The mayor of Edmonton has apologized for suggesting the loss of the federal long-gun registry could be related to the shooting death of an on-duty police officer.
It was a suggestion that Justice Minister Peter MacKay derided as "ill-timed" and "absurd."
At a press conference Tuesday morning, an emotional Don Iveson paid tribute to Const. Daniel Woodall, 35, who was killed Monday while executing an arrest warrant as part of a hate crimes investigation. Woodall leaves behind a wife and two young children.
"As your mayor, I reflect the sadness that I feel in the community," Iveson said, fighting back tears. "But I feel this most deeply as a father of young children and I'm incredibly sad for them and Mrs. Woodall."
Sgt. Jason Harley, 38, was also shot but is expected to make a full recovery. Iveson said Woodall and Harley both represent "the very bravest and best" of the city.
While Iveson was taking questions, a reporter brought up that an Edmonton police officer was also shot at a traffic stop just three weeks ago. That officer was wounded but is expected to recover.
"Are you concerned that something is happening in the city or in the province in regard to violence against police?" the reporter asked.
"I do have a concern with gun violence and I will say that the loss of the gun registry may be related to this," Iveson said.
"I think every opportunity our police have to have knowledge of where firearms are in this city would be to their advantage. And the chiefs of police have been consistent about that."
On Tuesday afternoon, Iveson took to Twitter to apologize for the remark.
Speculation about gun registry this morning was premature. Focus should remain our condolences & safety of EPS members & public. Apologies.— Don Iveson (@doniveson) June 9, 2015
Federal Conservatives successfully scrapped the long-gun registry in 2012 after capturing a majority government the year before. The registry, introduced by the Liberals in 1993, required all rifles and shotguns be recorded in a database managed by the Royal Canadian Mounted Police.
Harper Conservatives had long argued that the registry was wasteful and unfair to law-abiding Canadian gun-owners. They also said it was ineffective at reducing crime because criminals don't register their guns.
Police chiefs saw the registry as a useful tool, arguing access to the database helped officers weigh potential threats when approaching a residence or vehicle. The database was also seen as useful in determining if firearms were stolen or illegally imported.

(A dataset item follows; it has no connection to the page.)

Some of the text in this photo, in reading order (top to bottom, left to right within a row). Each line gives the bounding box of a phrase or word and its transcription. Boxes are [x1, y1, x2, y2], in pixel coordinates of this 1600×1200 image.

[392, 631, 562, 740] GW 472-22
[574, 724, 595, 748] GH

However, former Toronto police chief and Ontario Provincial Police commissioner Julian Fantino spoke out against the registry in 2003, saying it did nothing to prevent gun crimes.

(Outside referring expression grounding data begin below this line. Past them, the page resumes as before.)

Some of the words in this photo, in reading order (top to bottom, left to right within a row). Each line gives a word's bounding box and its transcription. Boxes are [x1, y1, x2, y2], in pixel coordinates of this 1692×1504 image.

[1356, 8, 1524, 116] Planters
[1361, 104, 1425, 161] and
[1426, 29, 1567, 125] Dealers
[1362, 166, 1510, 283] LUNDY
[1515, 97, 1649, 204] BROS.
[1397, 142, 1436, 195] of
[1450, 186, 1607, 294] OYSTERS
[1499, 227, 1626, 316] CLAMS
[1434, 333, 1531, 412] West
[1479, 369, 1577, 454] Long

"The firearms registry is long on philosophy and short on practical results considering the money could be more effectively used for security against terrorism as well as a host of other public safety initiatives," Fantino said in a release at the time.

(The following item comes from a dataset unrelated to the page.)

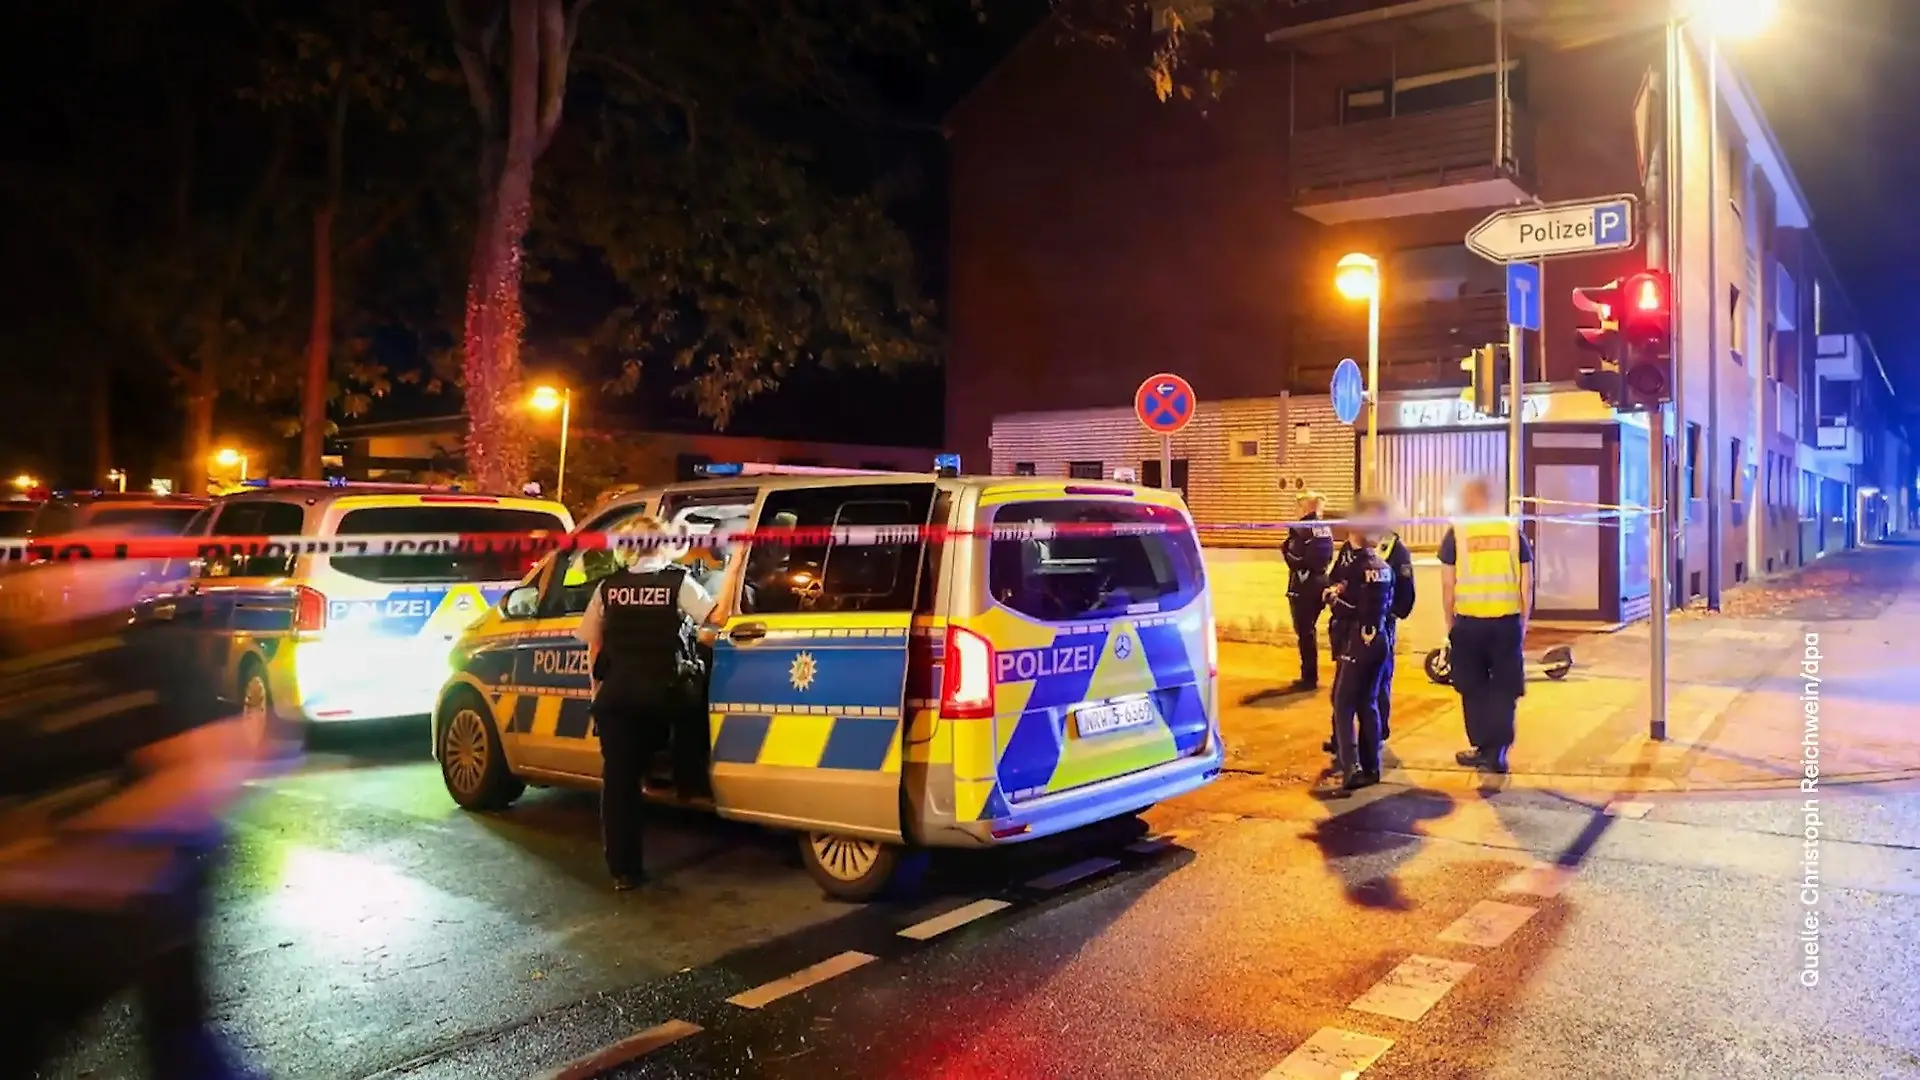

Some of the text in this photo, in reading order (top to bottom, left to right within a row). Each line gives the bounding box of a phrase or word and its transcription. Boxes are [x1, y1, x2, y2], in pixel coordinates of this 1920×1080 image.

[1520, 216, 1593, 243] Polizei
[607, 587, 670, 605] POLIZEI
[533, 650, 590, 673] POLIZE
[997, 644, 1095, 681] POLIZEI

Fantino would go on to win a byelection in 2010 as a Tory candidate and serve in Prime Minister Stephen Harper's cabinet.
But Bill Blair, another former Toronto police chief who has made the jump to the political arena, disagrees with Fantino's view.
In 2010, as president of the Canadian Association of Chiefs of Police, Blair said officers in both urban and rural communities used the registry to help keep communities safe.
"The registry has worked exceptionally well for us. That information, if lost to us, would directly impact on our ability to conduct criminal investigations and to keep our officers and our communities safer," Blair said, according to CTV News.
Blair now aims to run for the federal Liberals in the next election.
On Tuesday, Public Safety Minister Steven Blaney said Woodall's death was a cold-blooded murder by a member of a right-wing extremist group.
Blaney said the Harper government over the last decade has done more than any other to create the most stringent laws against illegal gun possession and tough sentences for gun-related crimes.